The records —
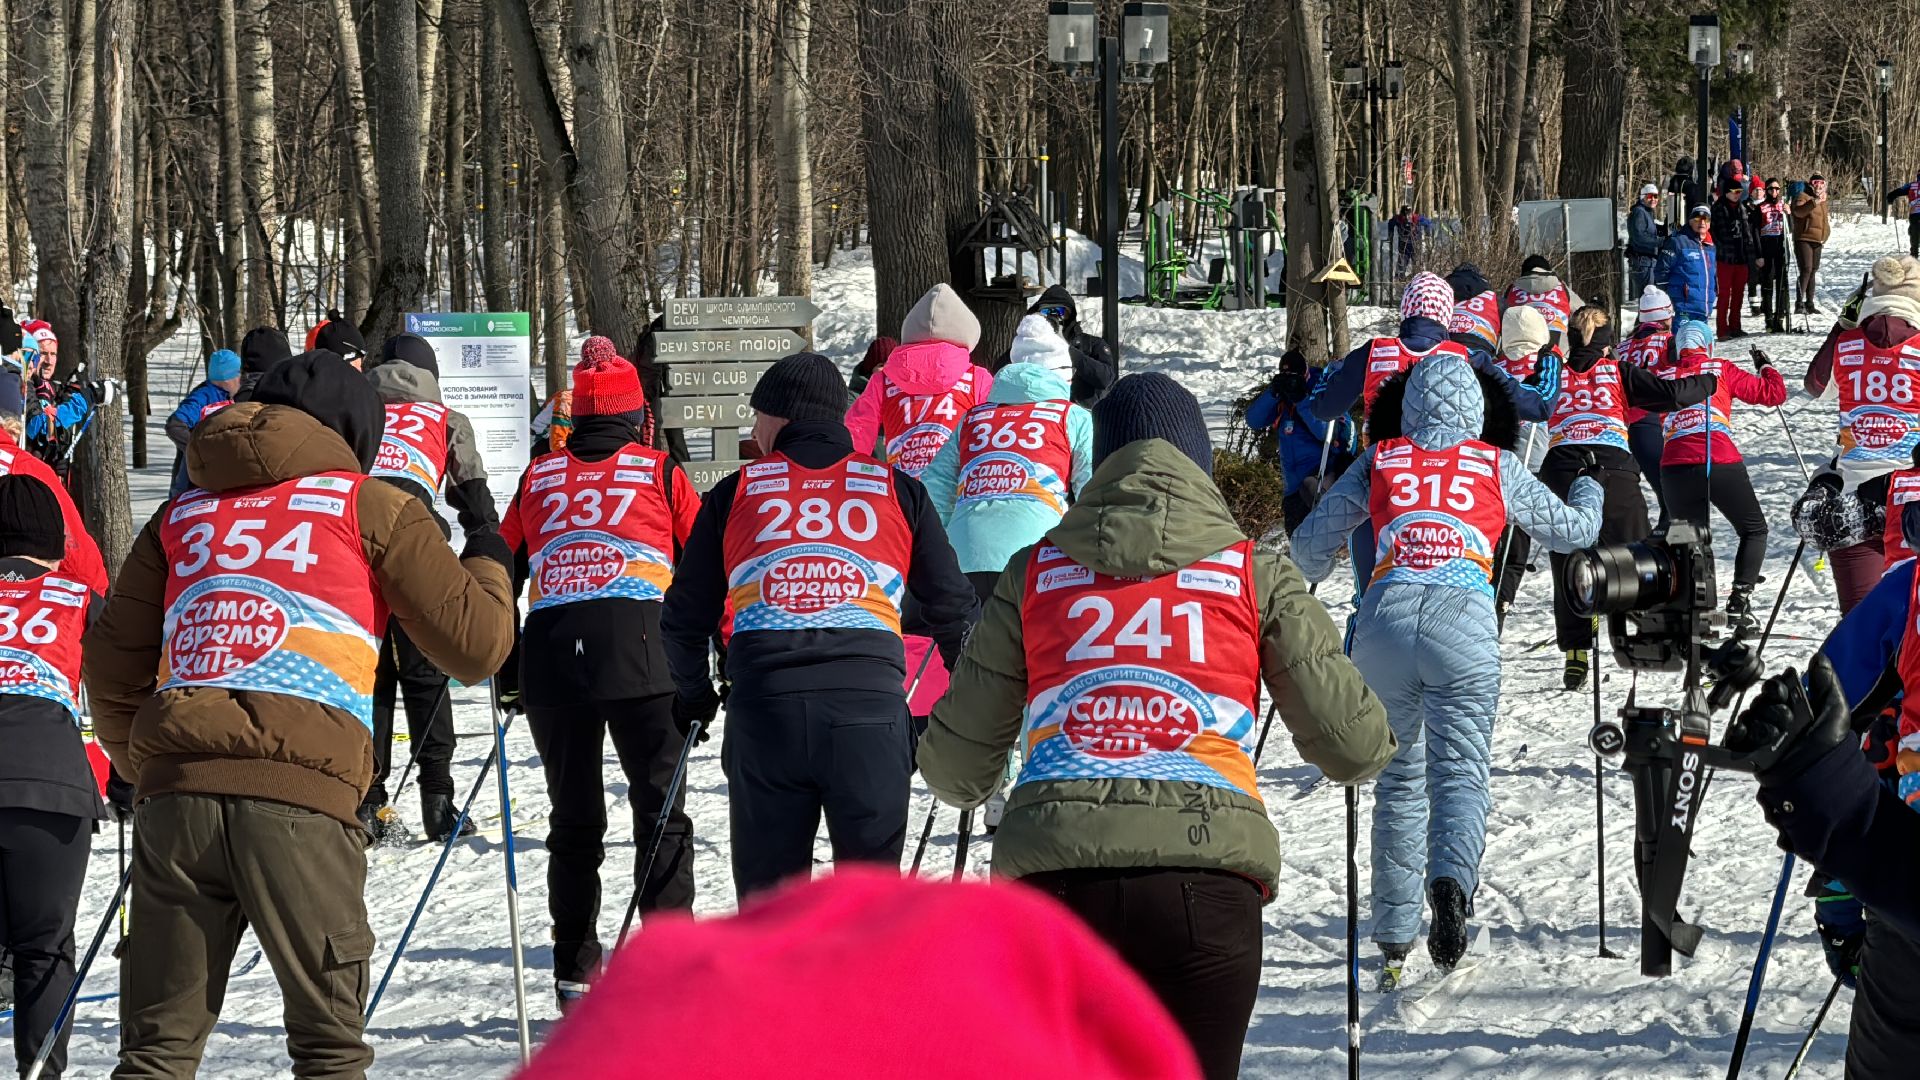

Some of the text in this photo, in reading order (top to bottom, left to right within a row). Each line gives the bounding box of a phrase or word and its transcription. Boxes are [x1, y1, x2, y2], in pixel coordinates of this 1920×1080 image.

[673, 303, 699, 315] DEVI
[673, 315, 699, 325] CLUB
[706, 303, 733, 314] ШКОЛА
[721, 315, 770, 325] ЧЕМПИОНА
[660, 337, 791, 353] DEVI STORE maloja
[674, 372, 705, 386] DEVI
[713, 371, 747, 385] CLUB
[1848, 370, 1913, 404] 188
[470, 392, 498, 400] ЗИМНИЙ
[898, 392, 958, 425] 174
[1556, 386, 1615, 415] 233
[683, 405, 723, 420] DEVI
[968, 422, 1045, 452] 363
[694, 470, 708, 483] 50
[1389, 472, 1475, 512] 315
[539, 488, 637, 535] 237
[754, 498, 878, 543] 280
[175, 519, 319, 578] 354
[1065, 595, 1206, 664] 241
[1064, 670, 1214, 721] БЛАГОТВОРИТЕЛЬНАЯ ЛЫЖНЯ
[1671, 751, 1699, 835] SONY
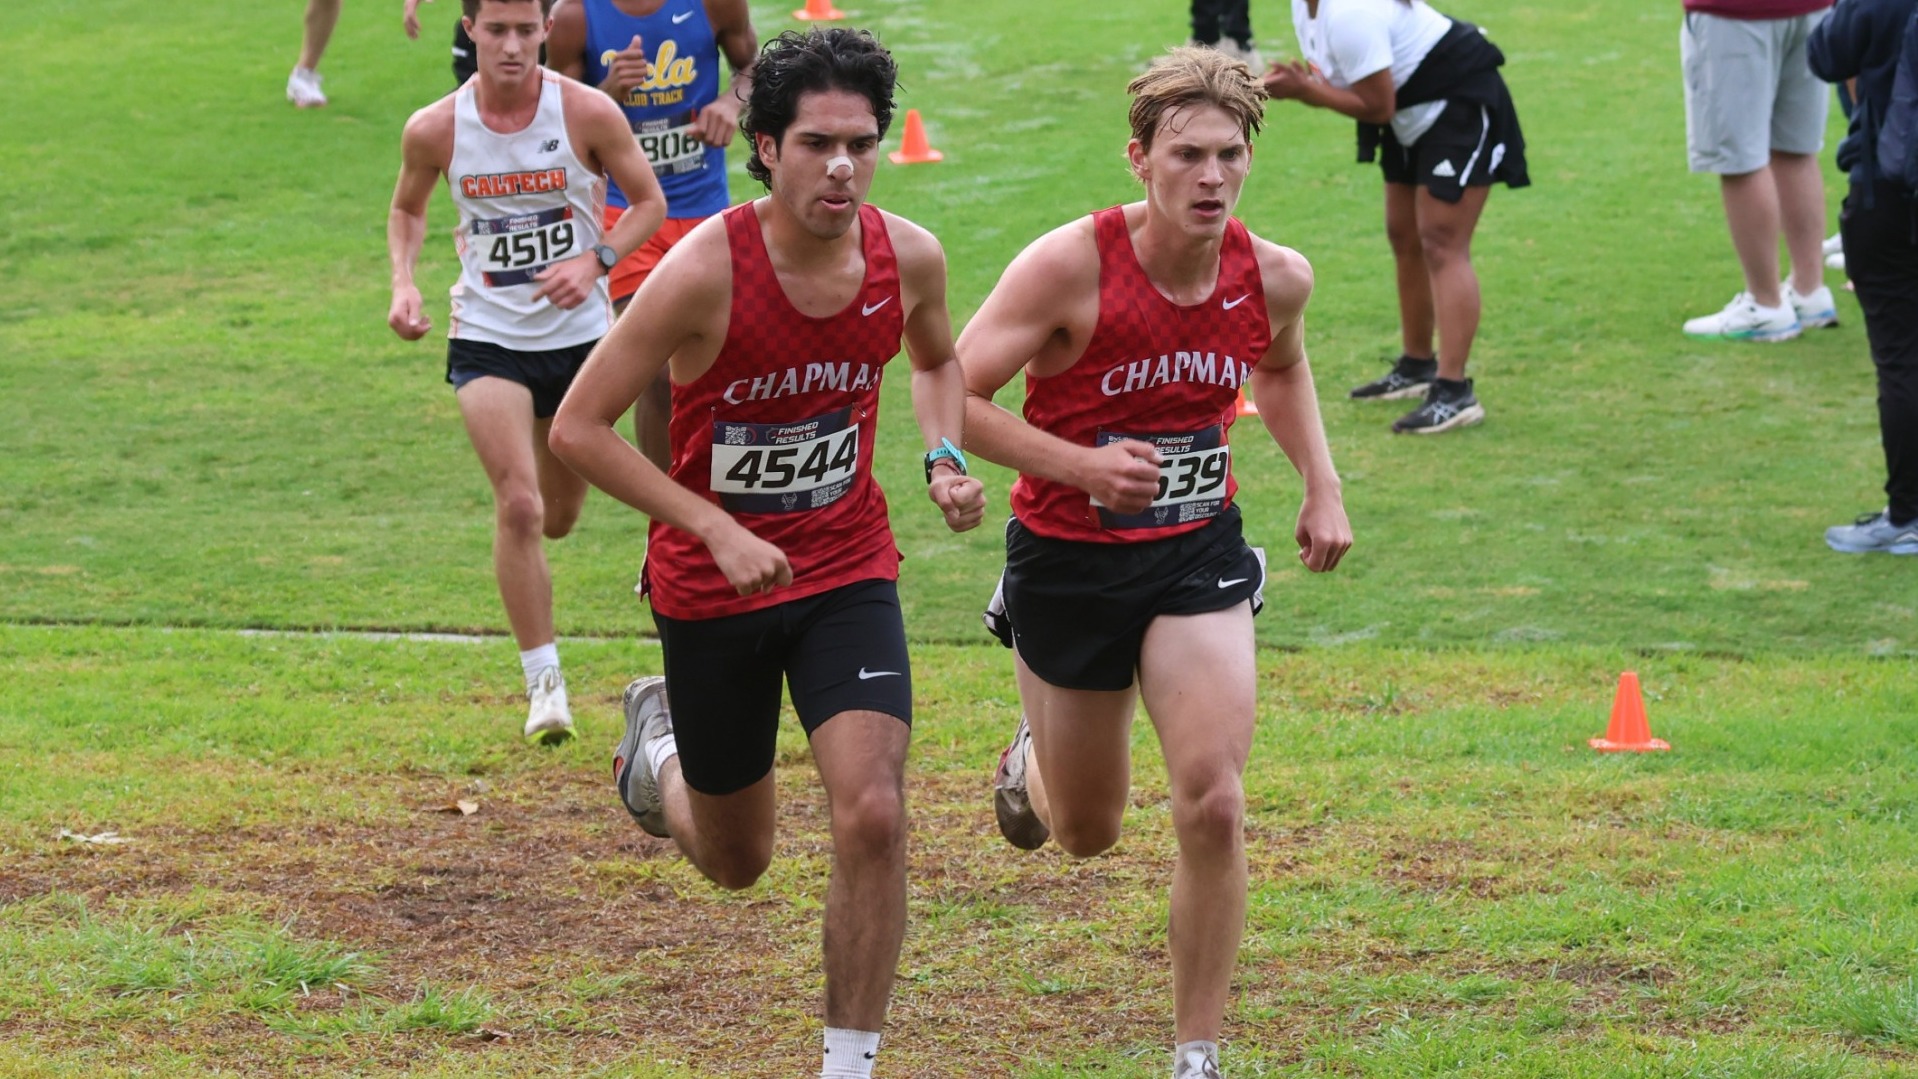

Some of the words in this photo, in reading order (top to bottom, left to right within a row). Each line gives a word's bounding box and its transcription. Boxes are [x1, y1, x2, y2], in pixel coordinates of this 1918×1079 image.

[650, 88, 684, 106] TRACK
[641, 132, 700, 162] 806
[459, 167, 568, 199] CALTECH
[489, 222, 574, 268] 4519
[775, 430, 817, 445] RESULTS
[778, 421, 819, 436] FINISHED
[1156, 435, 1195, 446] FINISHED
[725, 429, 858, 489] 4544
[1153, 451, 1228, 501] 539
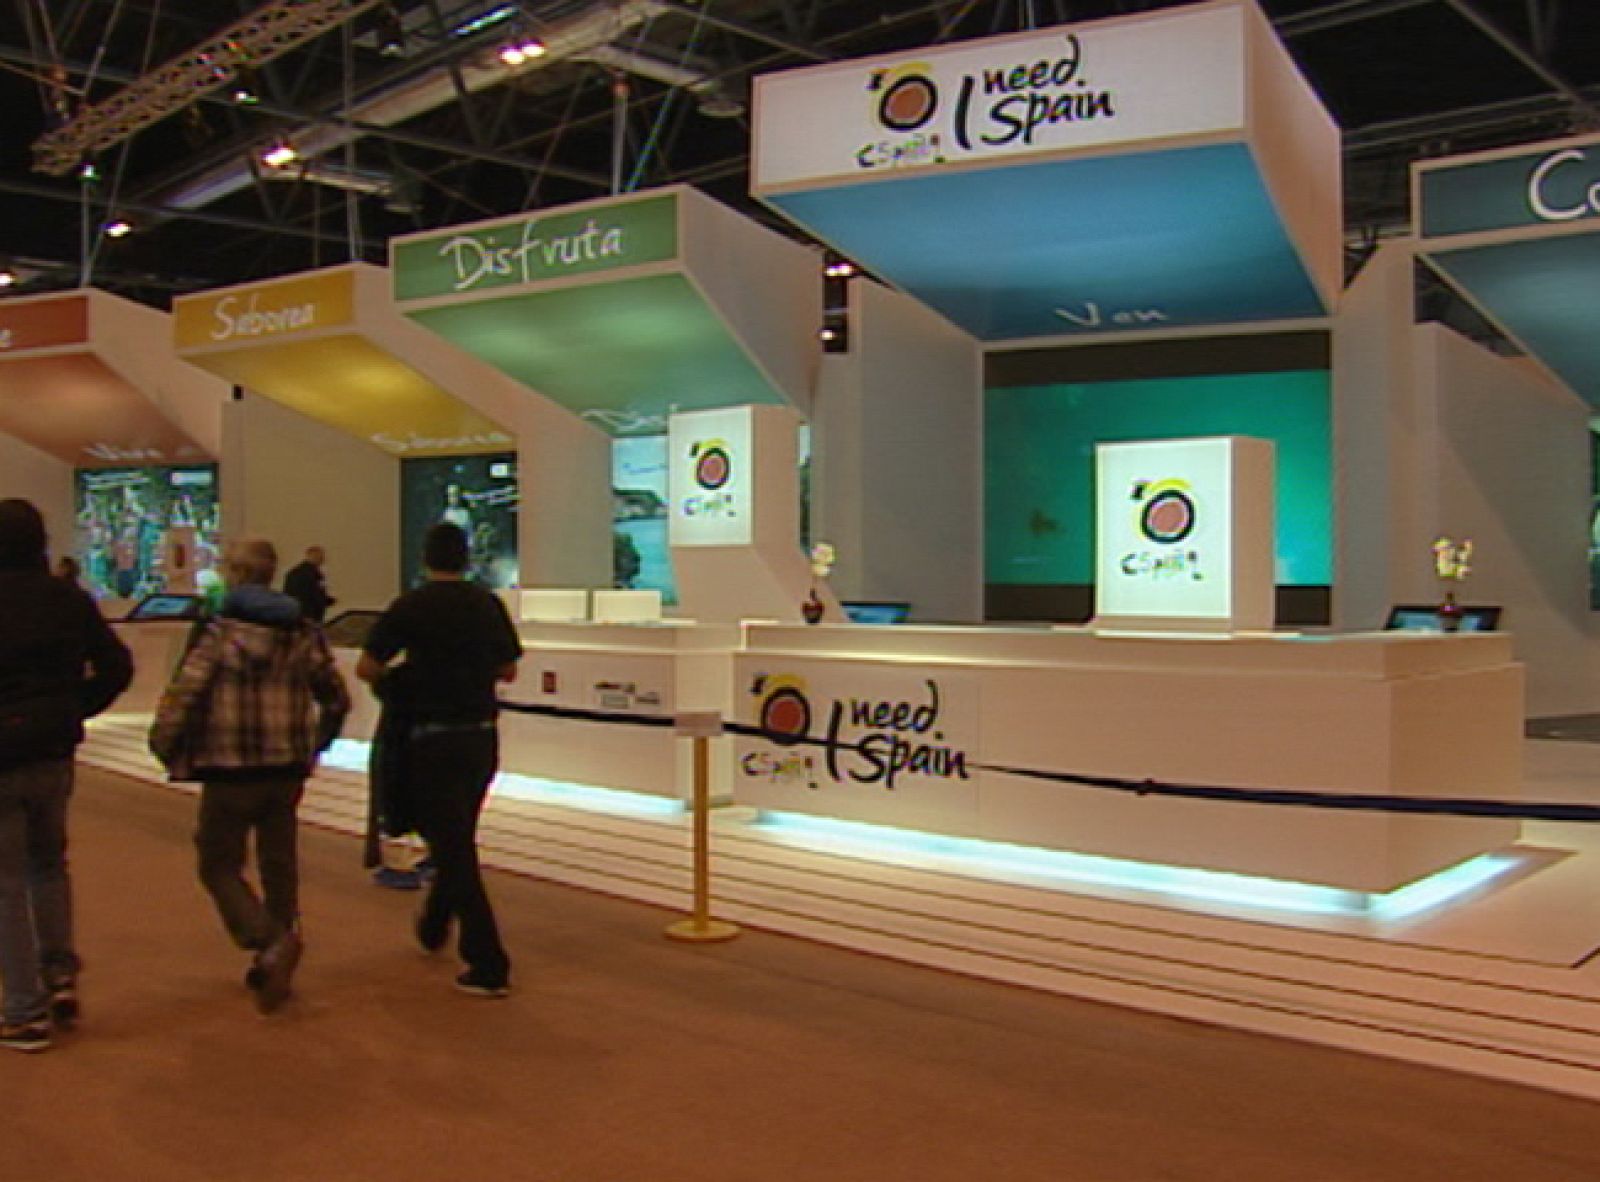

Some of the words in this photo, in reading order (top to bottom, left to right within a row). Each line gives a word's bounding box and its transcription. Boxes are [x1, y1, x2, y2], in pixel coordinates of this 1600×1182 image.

[954, 75, 976, 150] I
[982, 34, 1081, 95] need
[980, 78, 1115, 145] Spain
[438, 218, 624, 290] Disfruta
[210, 293, 317, 341] Saborea
[1054, 301, 1168, 328] Ven
[851, 678, 940, 732] need
[847, 731, 969, 790] Spain

Task to complete — Output only a verbatim copy of the lines spanning from the line that contains "this 1600×1182 image." to the end of the records above.

Answer box —
Some of the words in this photo, in reading order (top to bottom, left to right within a row). Each line gives a word's bounding box and its transcription. Boxes are [x1, y1, x2, y2], in pixel coordinates of this 1600×1182 image.

[954, 75, 976, 150] I
[982, 34, 1081, 95] need
[980, 78, 1115, 145] Spain
[438, 218, 624, 290] Disfruta
[210, 293, 317, 341] Saborea
[1054, 301, 1168, 328] Ven
[851, 678, 940, 732] need
[847, 731, 969, 790] Spain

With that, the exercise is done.